Segment Open

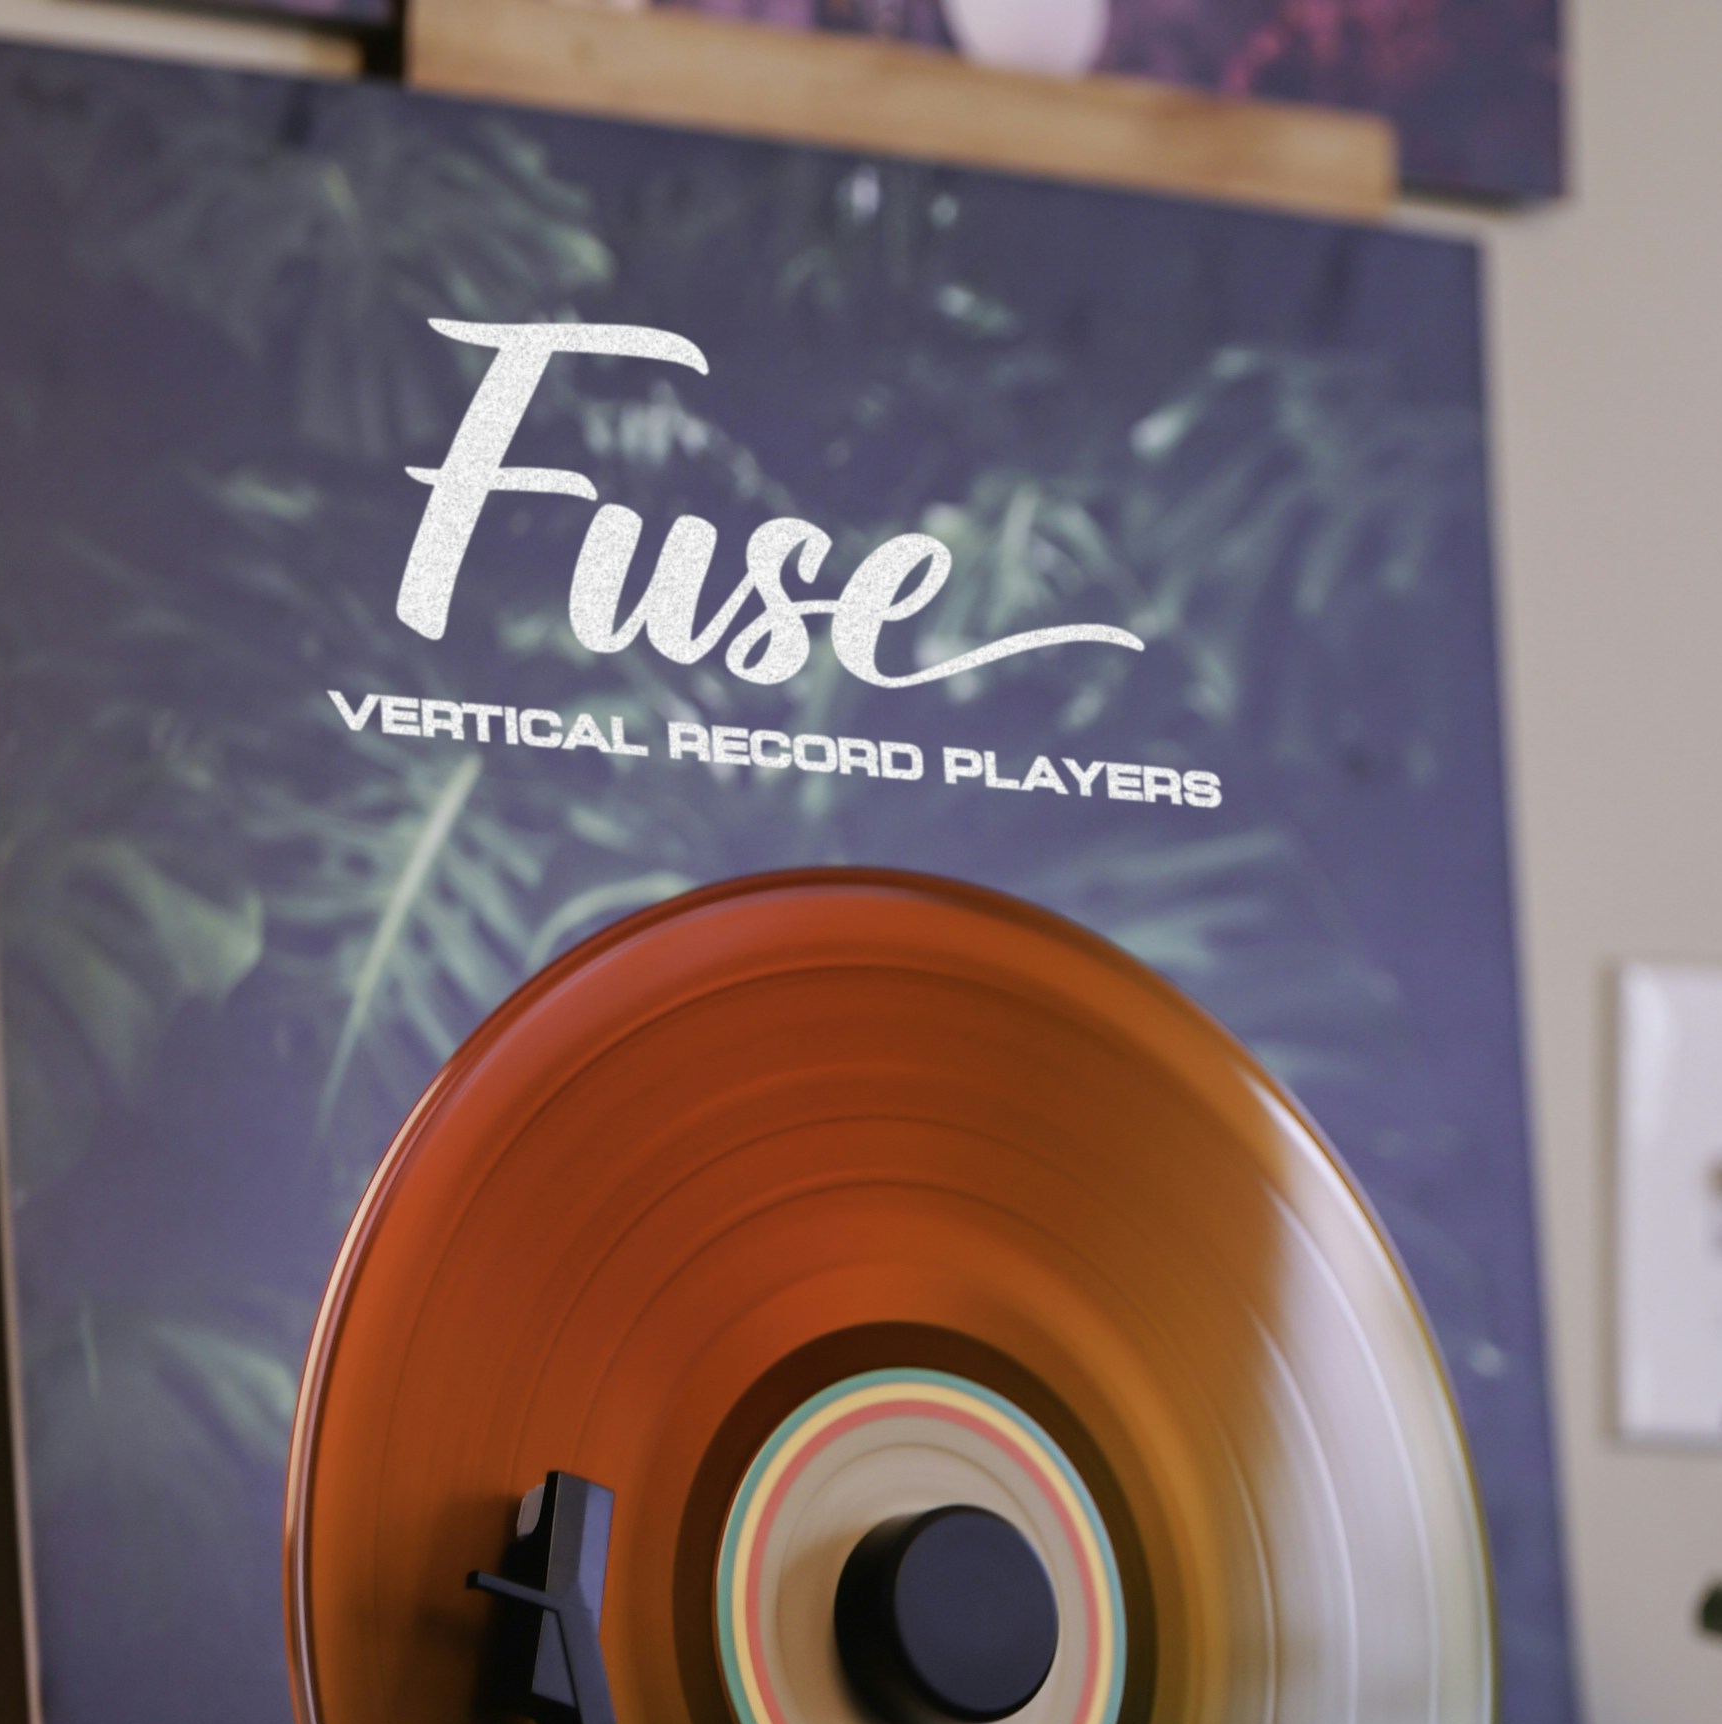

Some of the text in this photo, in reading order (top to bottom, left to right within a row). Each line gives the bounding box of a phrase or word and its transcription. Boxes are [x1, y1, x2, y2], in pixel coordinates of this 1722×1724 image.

[397, 318, 1145, 688] Fuse
[327, 689, 1223, 808] VERTICAL RECORD PLAYERS
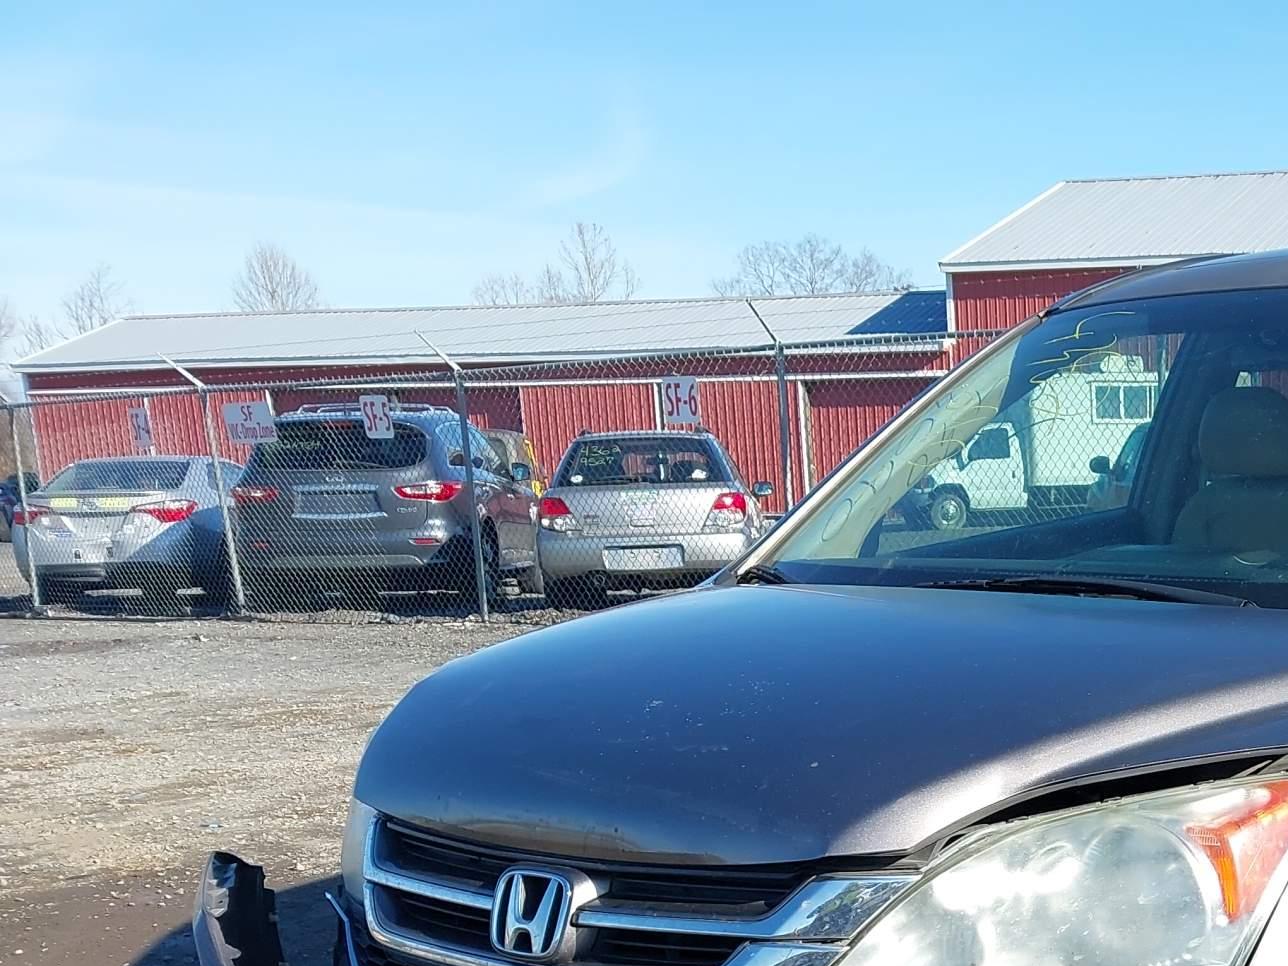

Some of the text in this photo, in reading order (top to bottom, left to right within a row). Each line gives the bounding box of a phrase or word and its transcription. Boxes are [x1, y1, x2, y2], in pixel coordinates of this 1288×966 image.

[240, 405, 253, 422] SF
[665, 382, 698, 417] SF-6
[131, 413, 152, 441] SF-4
[362, 401, 391, 432] SF-5
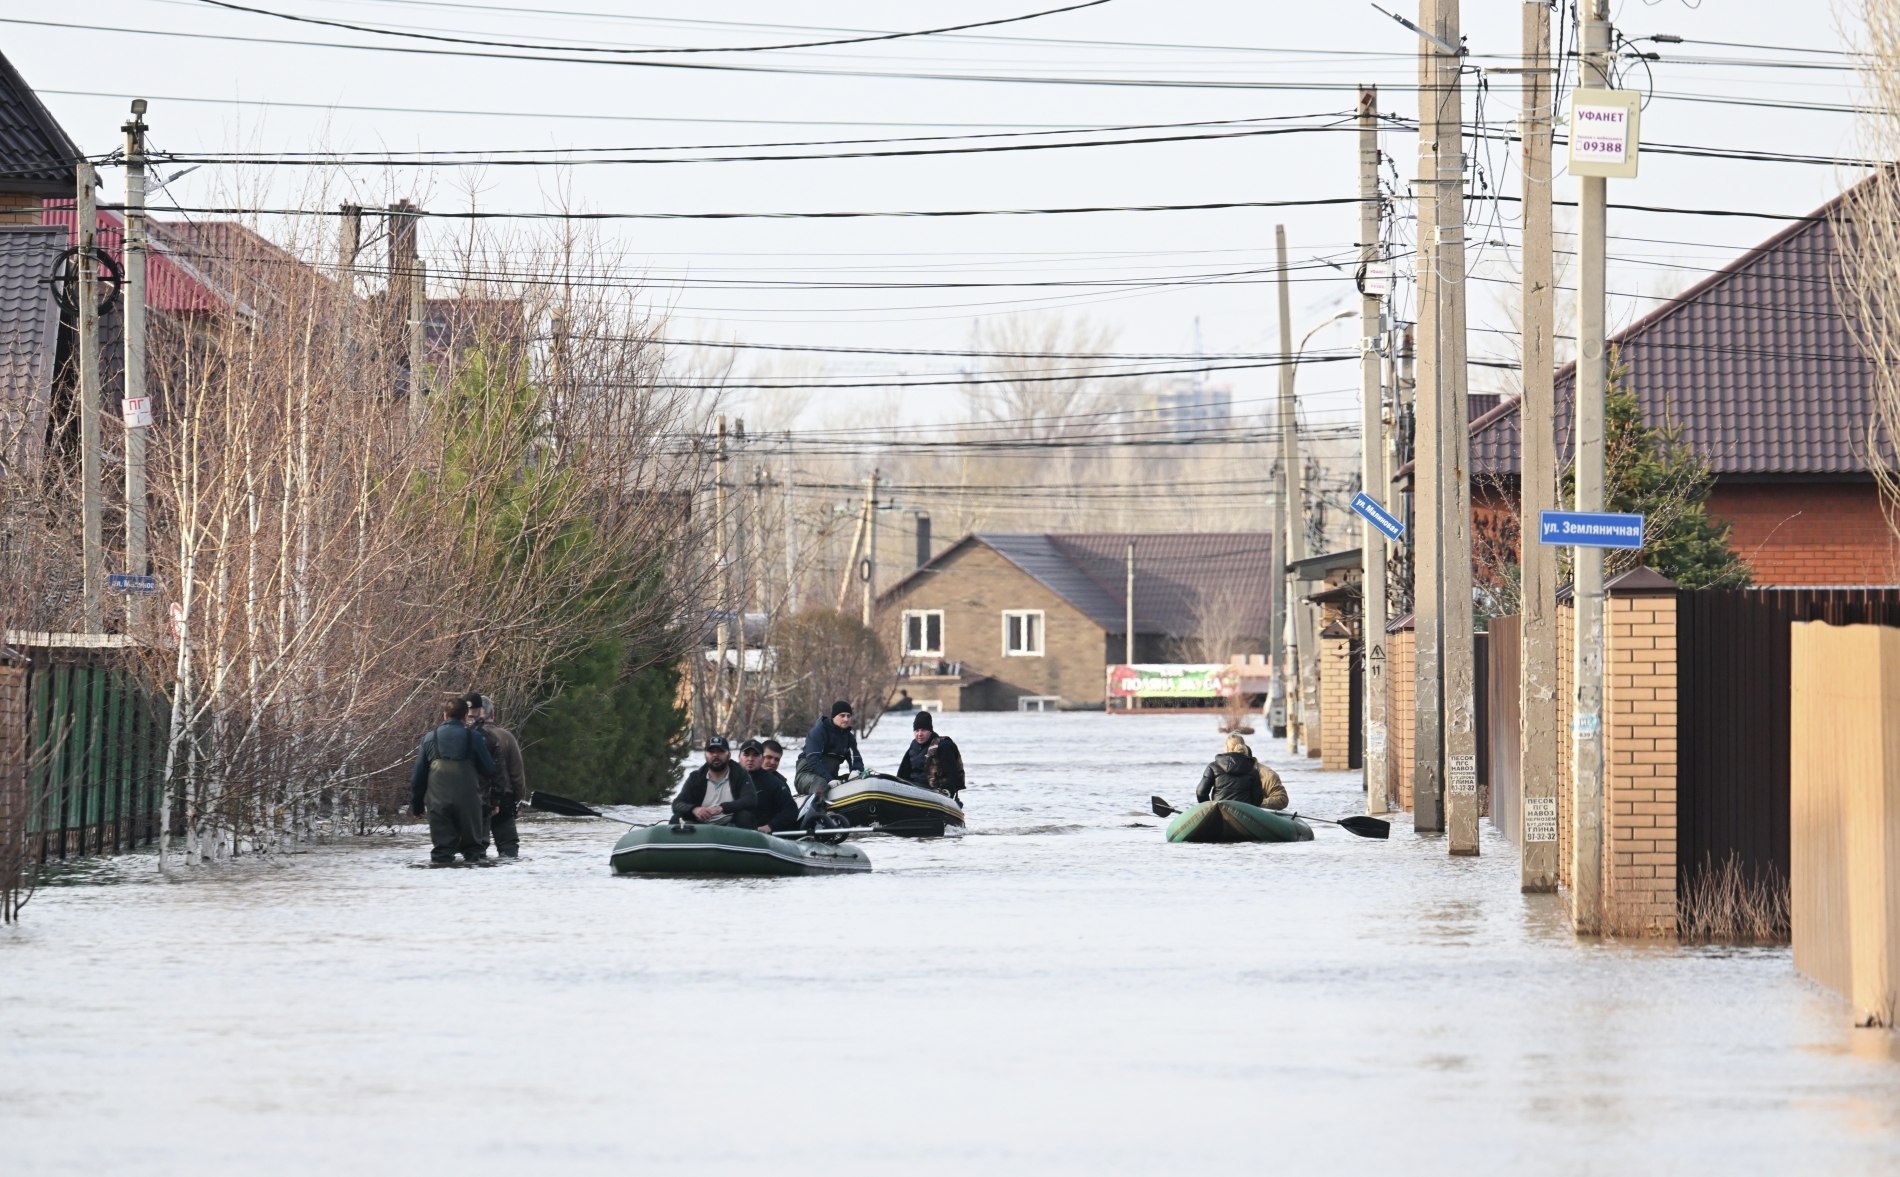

Segment Closed

__YOUR INSTRUCTIONS__
Transcribe the whole of the data exactly, minus any pictures.

__PROBLEM SOLUTION__
Some of the text in this photo, in reading order (top to bottom, left to right within a row). Each line gives the bounding box of a phrase or word and its transcription. Boxes are [x1, y1, x2, y2], in pixel coordinates of this 1722×1724 image.

[397, 318, 1145, 688] Fuse
[327, 689, 1223, 808] VERTICAL RECORD PLAYERS

Some of the text in this photo, in reading order (top to bottom, left to right within a row). Each line gives the bounding box of a phrase or word and its transcription. Boxes are [x1, y1, x2, y2], in pixel coordinates of this 1288×966 image.

[240, 405, 253, 422] SF
[665, 382, 698, 417] SF-6
[131, 413, 152, 441] SF-4
[362, 401, 391, 432] SF-5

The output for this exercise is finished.